Quel rôle joue le Big Data dans la stratégie IT de la banque ?

Il y a trois ans, quand nous avons parlé pour la première fois du Big Data à notre Directoire, nous présentions une technologie émergente dans laquelle il fallait selon nous investir davantage. Nous avons effectué une démonstration de faisabilité pour les opérations non autorisées (ONA) et senti qu’il y avait un avantage comparé à notre façon de traiter les ONA auparavant, mais également pour l’évaluation des risques au sein de la banque en général. Nous avons donc commencé à intégrer le Big Data à des stratégies clés et avons engagé des experts, qu’ils soient du secteur bancaire ou non, pour développer cet aspect.

Pouvez-vous illustrer la façon dont le Big Data permet au Credit Suisse d’être plus performant ?

Nos Prime Services pour les hedge funds nous permettent de prédire le futur prix de positions courtes sur le marché.

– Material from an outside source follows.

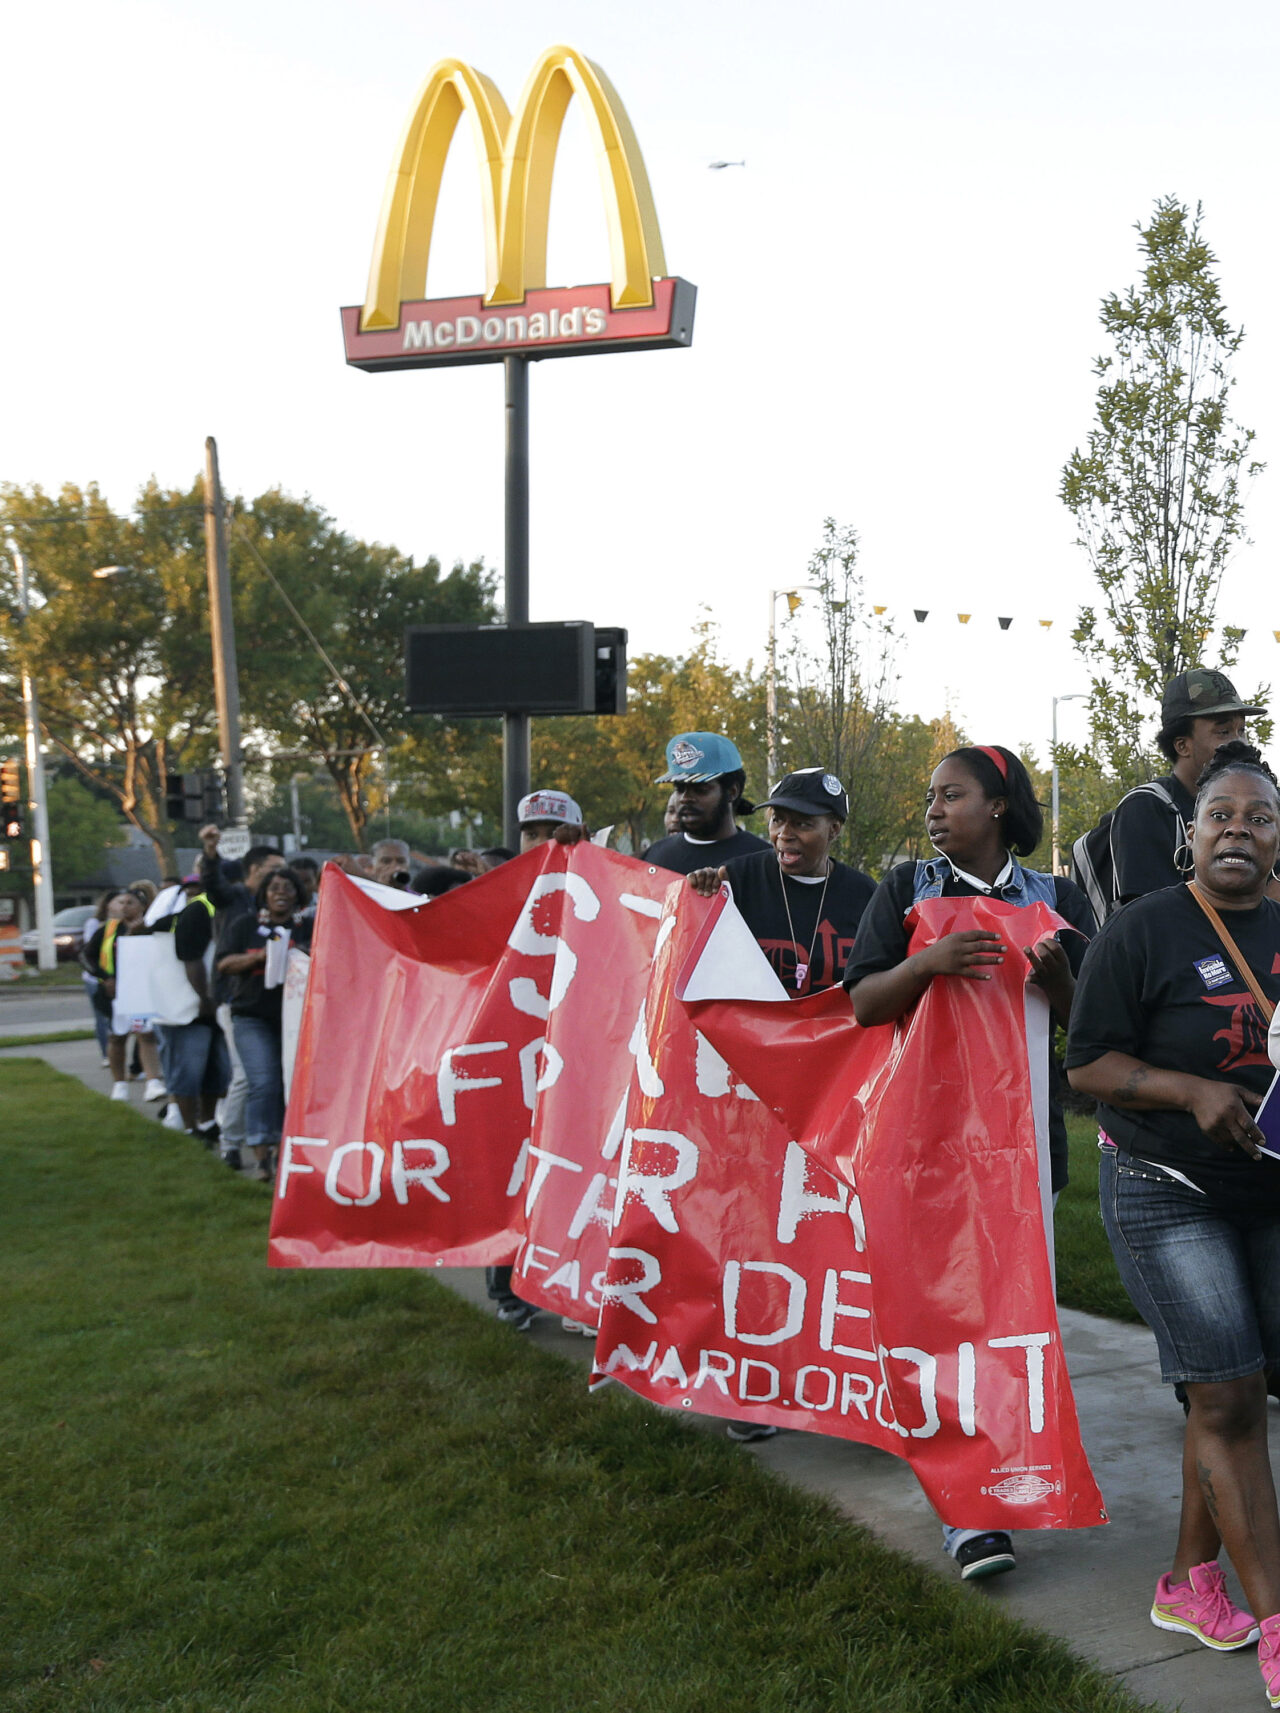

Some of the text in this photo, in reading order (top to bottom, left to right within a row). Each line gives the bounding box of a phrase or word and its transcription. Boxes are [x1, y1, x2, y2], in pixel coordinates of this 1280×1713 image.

[402, 306, 607, 350] McDonald's
[279, 1136, 450, 1206] FOR
[1028, 1464, 1052, 1472] SERVICES
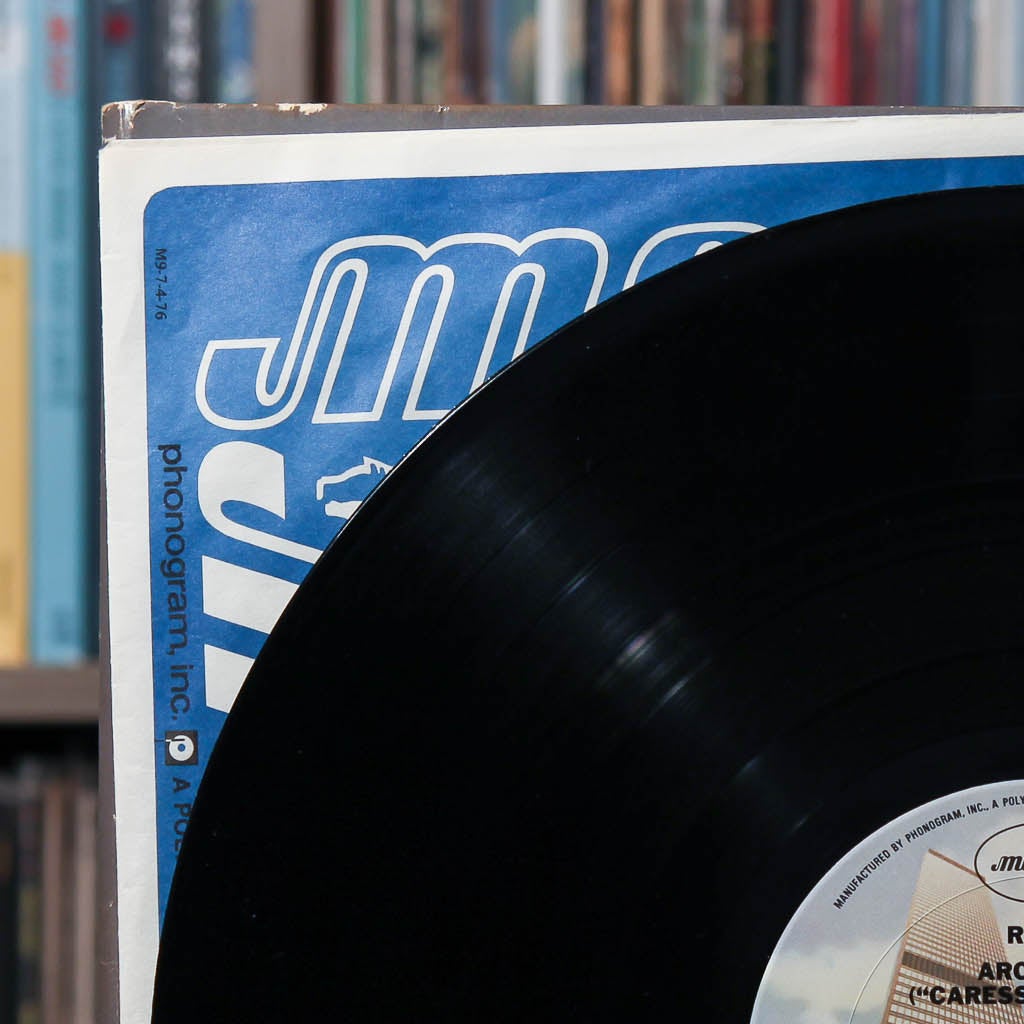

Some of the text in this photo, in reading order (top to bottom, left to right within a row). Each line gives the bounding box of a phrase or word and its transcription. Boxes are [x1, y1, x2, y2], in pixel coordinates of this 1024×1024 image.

Notre taux de précision s’est stabilisé autour de 70% actuellement, ce qui constitue un vrai intérêt pour nos clients. Du côté du private banking, nous travaillons sur un outil aidant à cerner la meilleure façon de contacter des clients potentiels en voyant qui, au Credit Suisse, est susceptible de connaître cette personne. Des études indiquent que l’on a environ 50% de chances supplémentaires d’avoir une relation à long terme fructueuse si le premier contact avec un client potentiel se fait via une connaissance.

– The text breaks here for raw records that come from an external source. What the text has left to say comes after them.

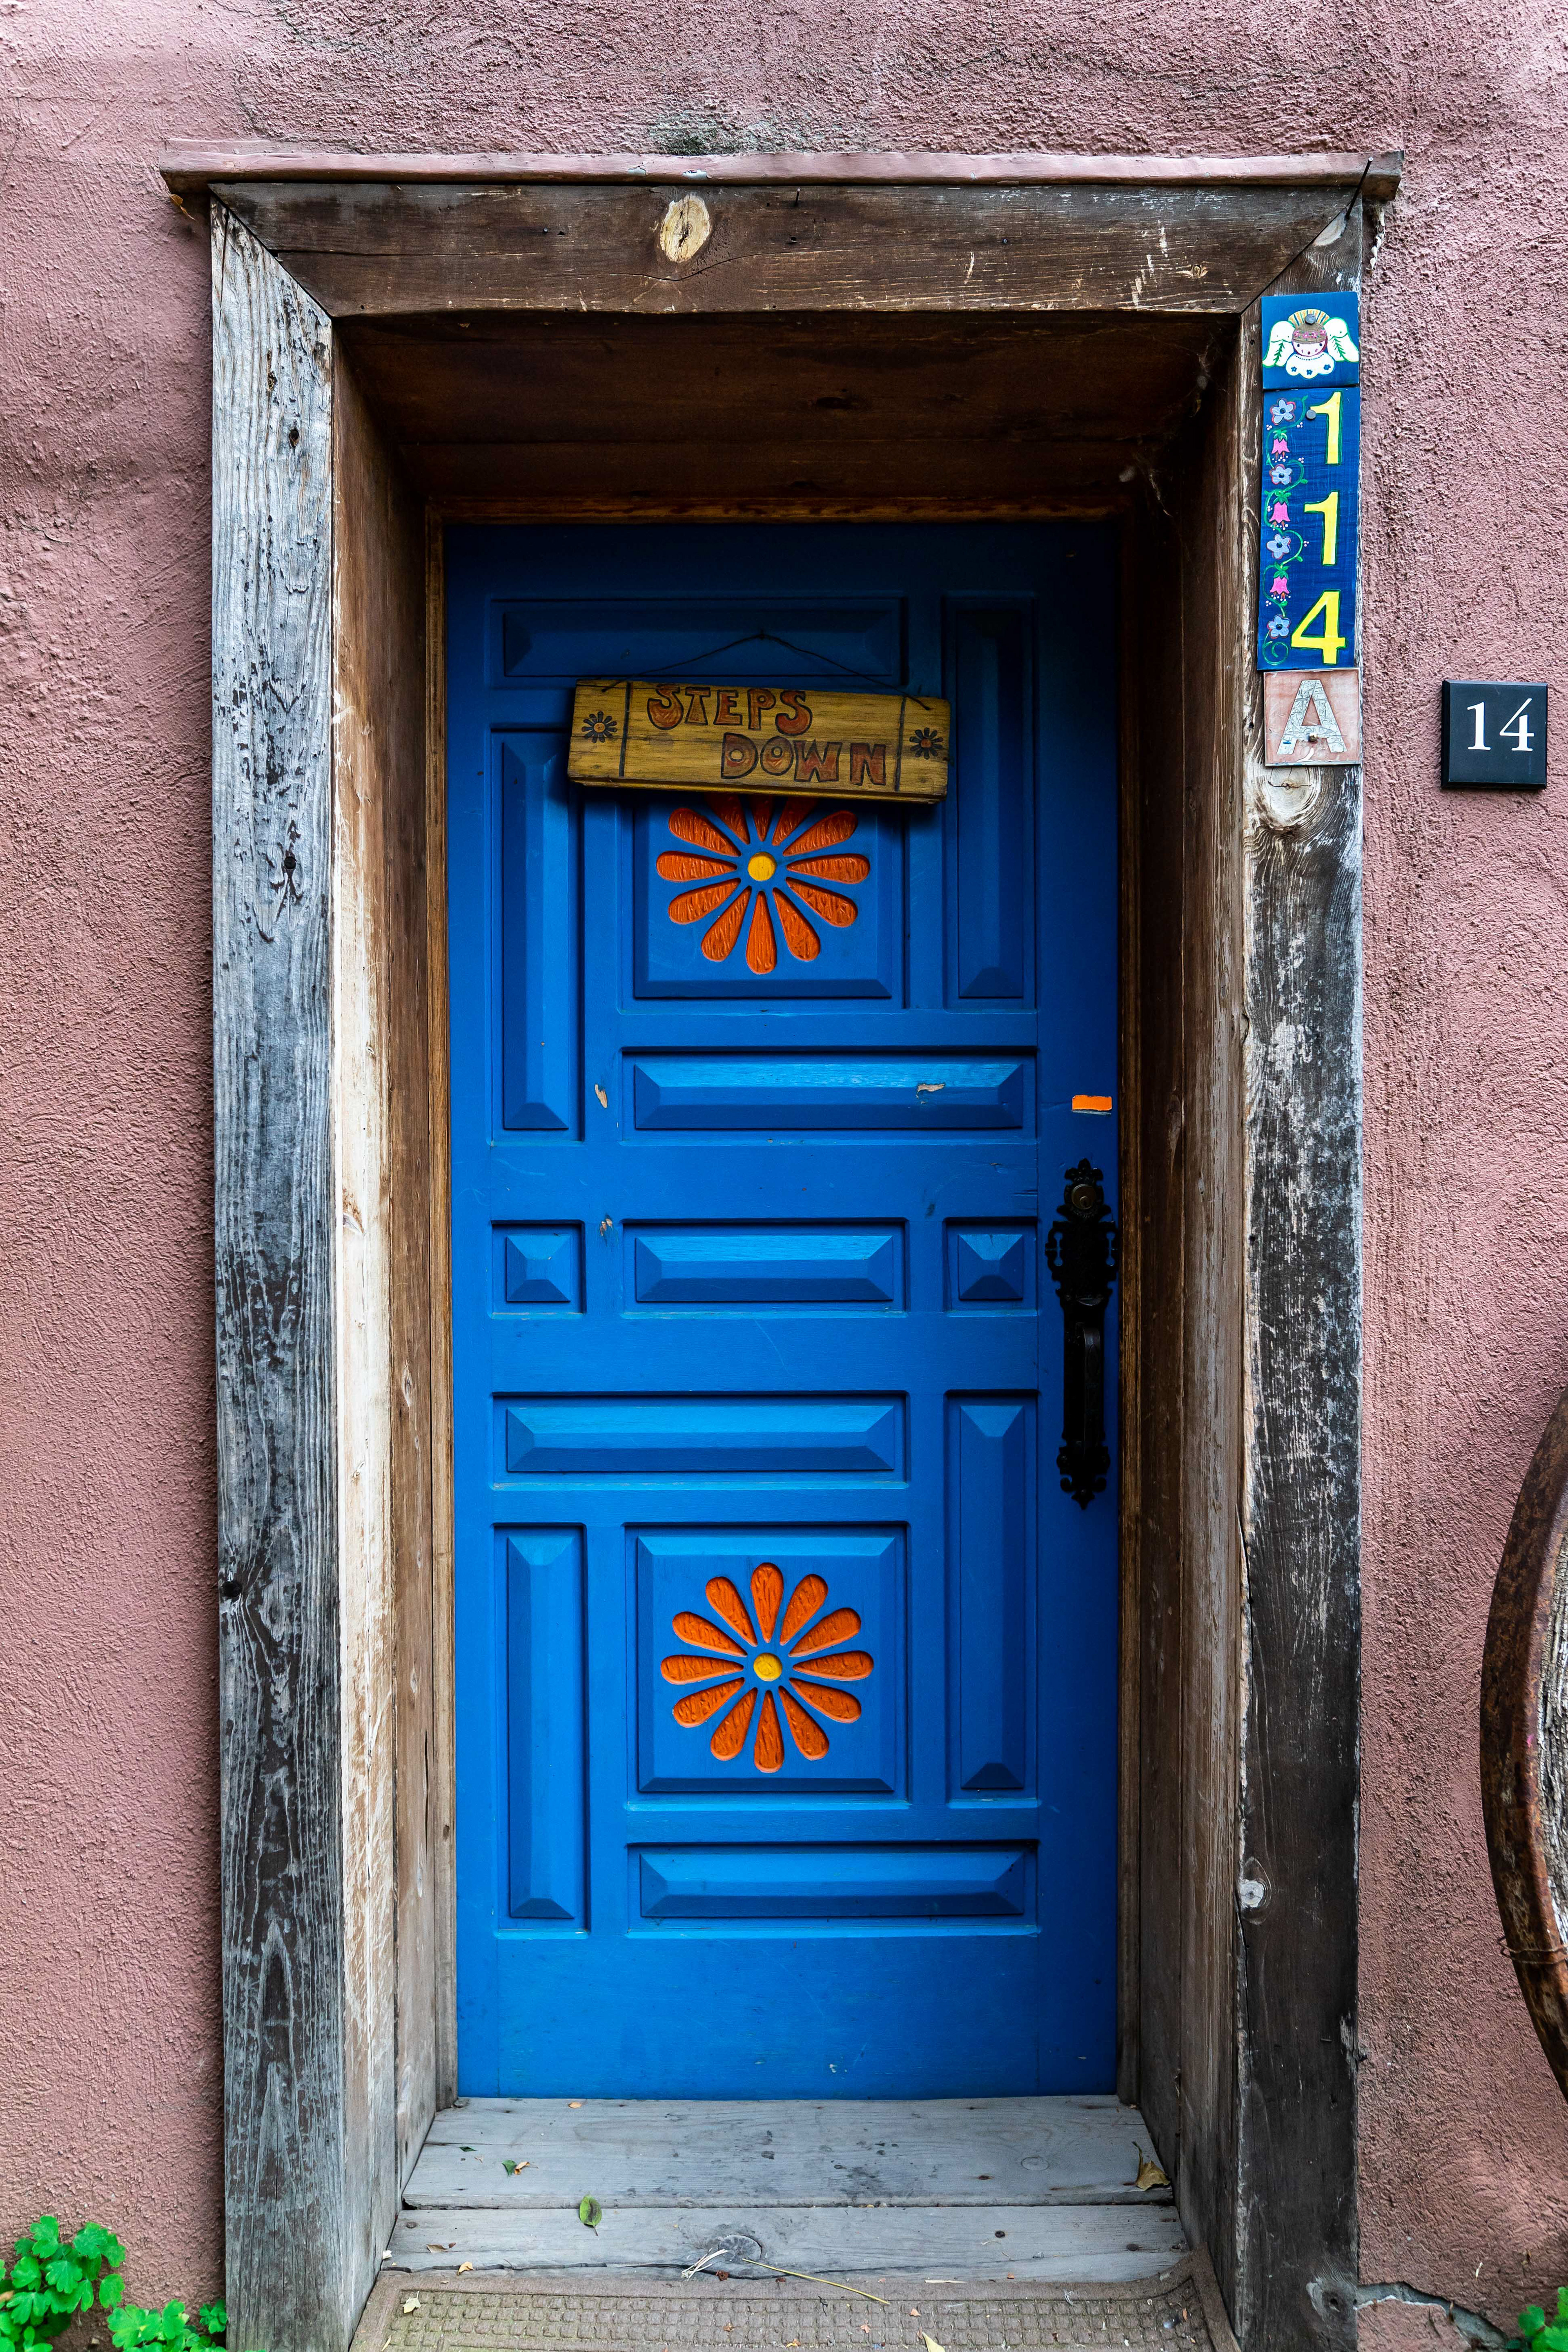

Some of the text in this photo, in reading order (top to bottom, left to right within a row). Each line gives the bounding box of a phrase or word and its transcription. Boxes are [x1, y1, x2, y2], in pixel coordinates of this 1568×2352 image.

[1290, 391, 1348, 665] 114
[646, 684, 813, 735] STEPS
[1276, 679, 1348, 755] A
[1467, 698, 1535, 751] 14
[720, 732, 887, 786] DOWN

La collecte de données est un sujet délicat. Comment garantissez-vous la protection des données ?

C’est évidemment un aspect que nous prenons très au sérieux et nous devons nous adapter en fonction des différentes régions, de leurs directives et de leurs règlements. Au sein d’IB IT, nous avons présenté en novembre un nouveau thème centré sur le risque opérationnel. Quelle que soit leur tâche, nos collaborateurs doivent savoir précisément ce qu’implique la gestion du risque opérationnel en termes de protection des données. C’est un aspect important.

Nous prenons la protection des données très au sérieux.

Steve Hook

Qu’en est-il de la capacité d’innovation de l’IT du Credit Suisse comparé à ses pairs ?

Je ne pense pas que nous soyons en reste, mais je pense que nous devrions prendre plus d’initiatives, sans attendre d’avoir le feu vert pour innover. Il faudrait tenter de se montrer créatifs à tout moment. Il n’y a pas nécessairement besoin de budget pour innover.
Prenons l’exemple d’Agora, notre système de gestion des ordres. Quand nous avons mis au point la troisième génération, nous avons repensé la technologie et réécrit la majeure partie du noyau en introduisant une nouvelle base de données, ce qui nous a permis de faire des économies conséquentes sur le long terme, et un nouveau moyen de stockage moins coûteux a également été introduit. Ces trois facteurs mis bout à bout sont un bon exemple d’innovation globale. Ce produit connaît un franc succès et a un impact significatif sur le résultat net.

Les technologies de l’information tournent toujours plus autour des gadgets. Achèteriez-vous une montre intelligente ?

J’ai un iPhone, un iPad et un Mac, mais je ne compte pas acheter une montre Apple pour le moment. Je n’en vois pas l’utilité, même si je suis convaincu de leur succès.